Most small businesses overpay for their website by 2–5x. Here's what's actually worth paying for, what to push back on, and how to spot an inflated quote.

£3k+

typical agency quote for a 5-page site

Author
Mat McCorry
Updated
12 May 2026
Read time
10 min read

Key takeaways

  • Expensive does not equal strategic — most agency quotes are priced around process, not outcome.
  • A 5-page brochure site for a local service business shouldn't cost more than a small car.
  • Transparent monthly models can be fairer than upfront quotes when hosting, support and edits are genuinely included.
  • The right website cost depends on commercial value, not how shiny the design deck looks.

Small business owners are quietly paying agencies £3,000, £6,000, sometimes £15,000 for websites that — once you strip away the buzzwords — are five pages, a contact form and a stock photo of a handshake.
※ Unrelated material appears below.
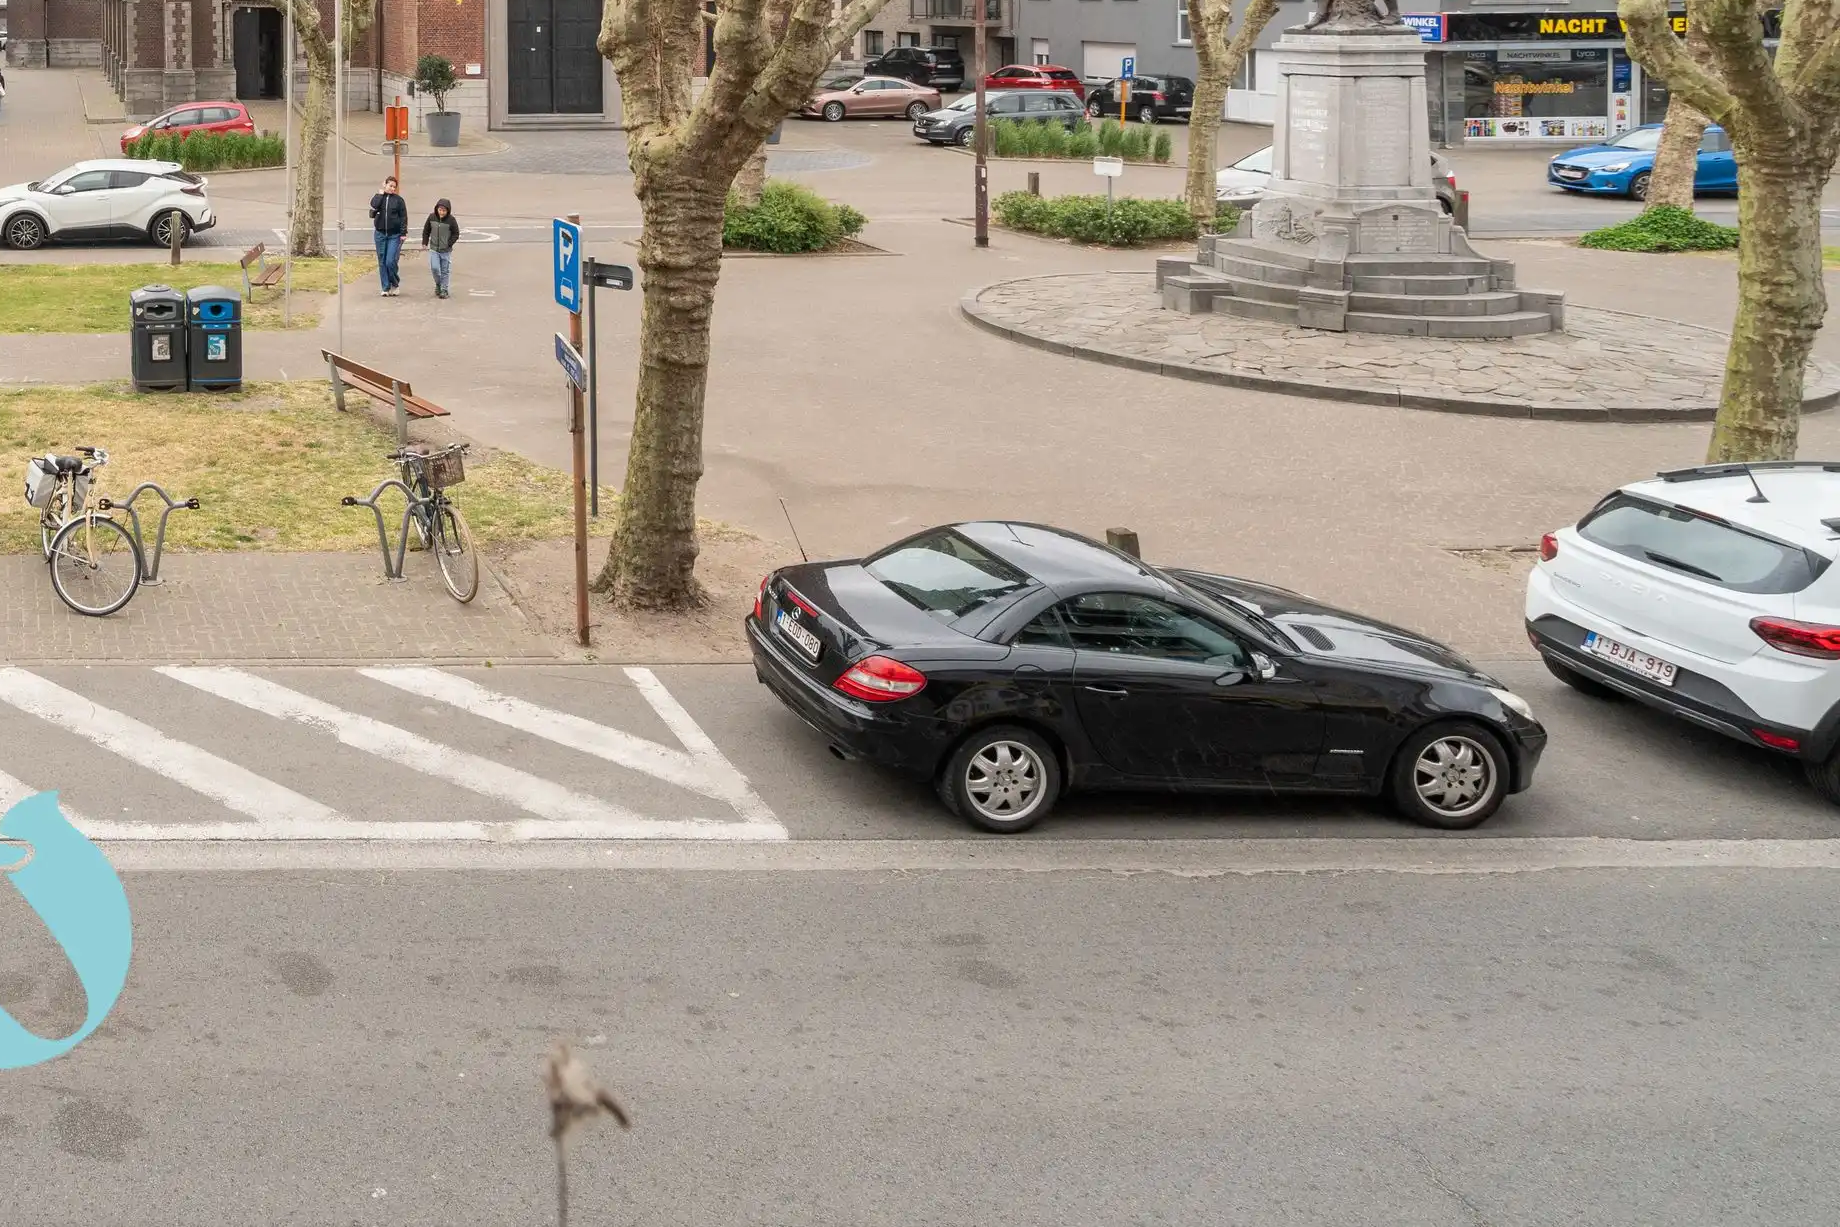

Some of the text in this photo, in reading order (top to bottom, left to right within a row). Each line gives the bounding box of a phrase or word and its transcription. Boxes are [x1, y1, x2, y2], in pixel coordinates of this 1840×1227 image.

[1540, 18, 1607, 34] NACHT
[1125, 59, 1132, 71] P
[1493, 80, 1574, 94] Nachtwinkel
[1596, 637, 1674, 678] 1-BJA-919
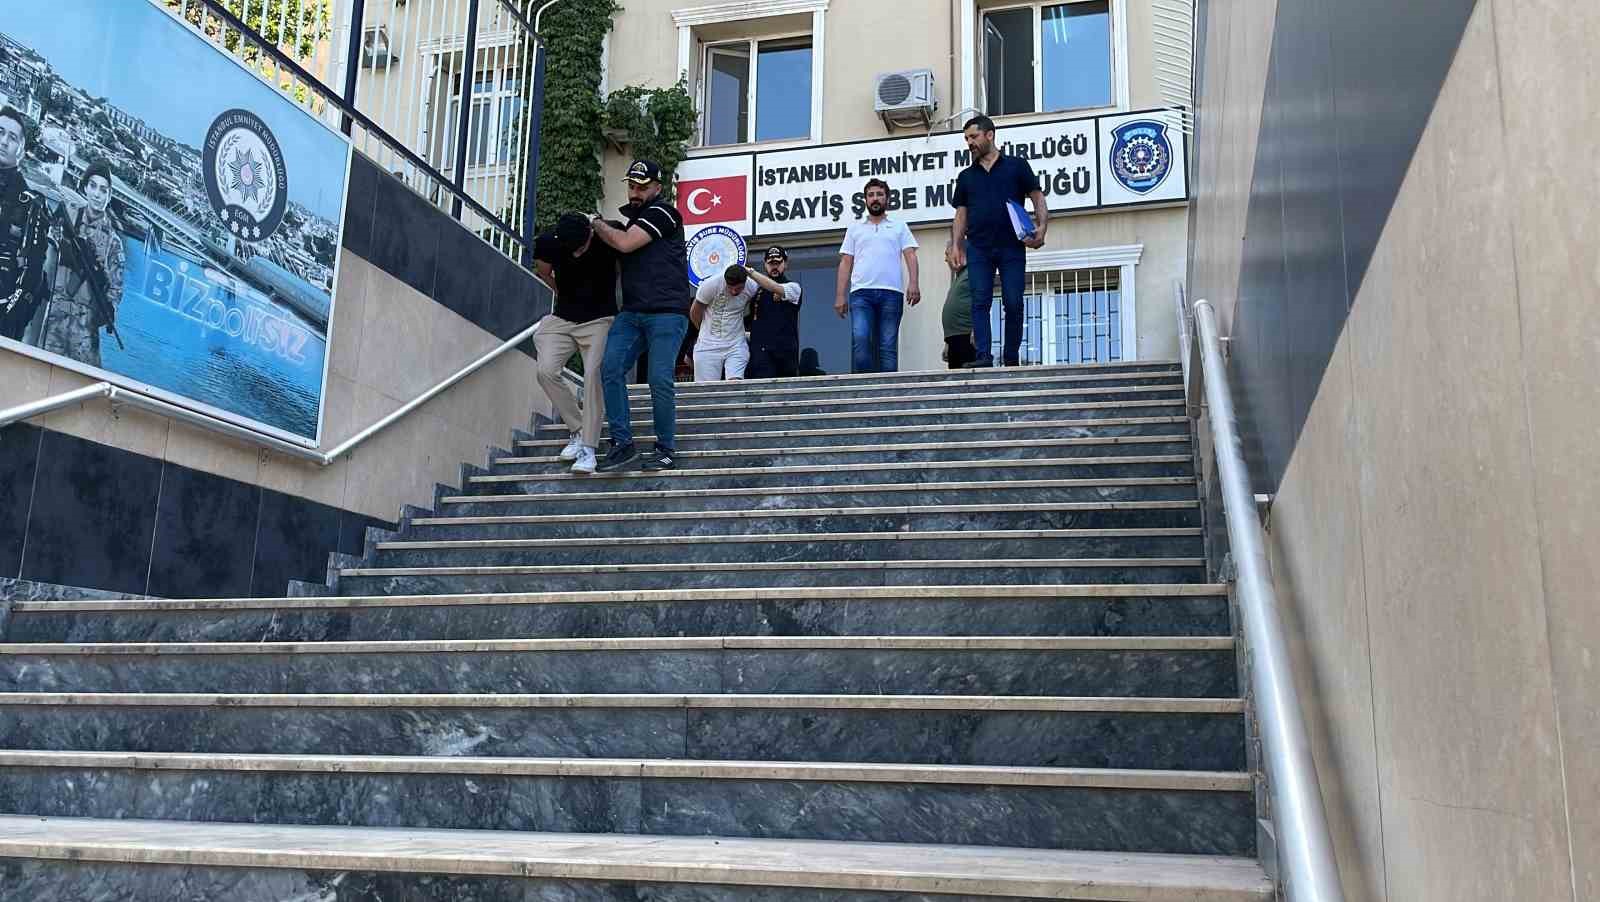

The dirty secret of the industry is that most small businesses are overpaying for their website, often by 2–5x what the same outcome should cost. Not because anyone's deliberately dishonest, but because website quotes are designed to be hard to compare, and 'discovery workshops' make excellent line items.

Here's how to tell the difference between a fair quote and a fancy one — and what you should genuinely be paying for in 2026.

Why website quotes balloon (it's not the design)

Agency quotes inflate because most agencies price around process, not outcome. Discovery, wireframes, design concepts, development, revisions, launch and 'post-launch optimisation' all become separate line items, each with a comfortable margin baked in.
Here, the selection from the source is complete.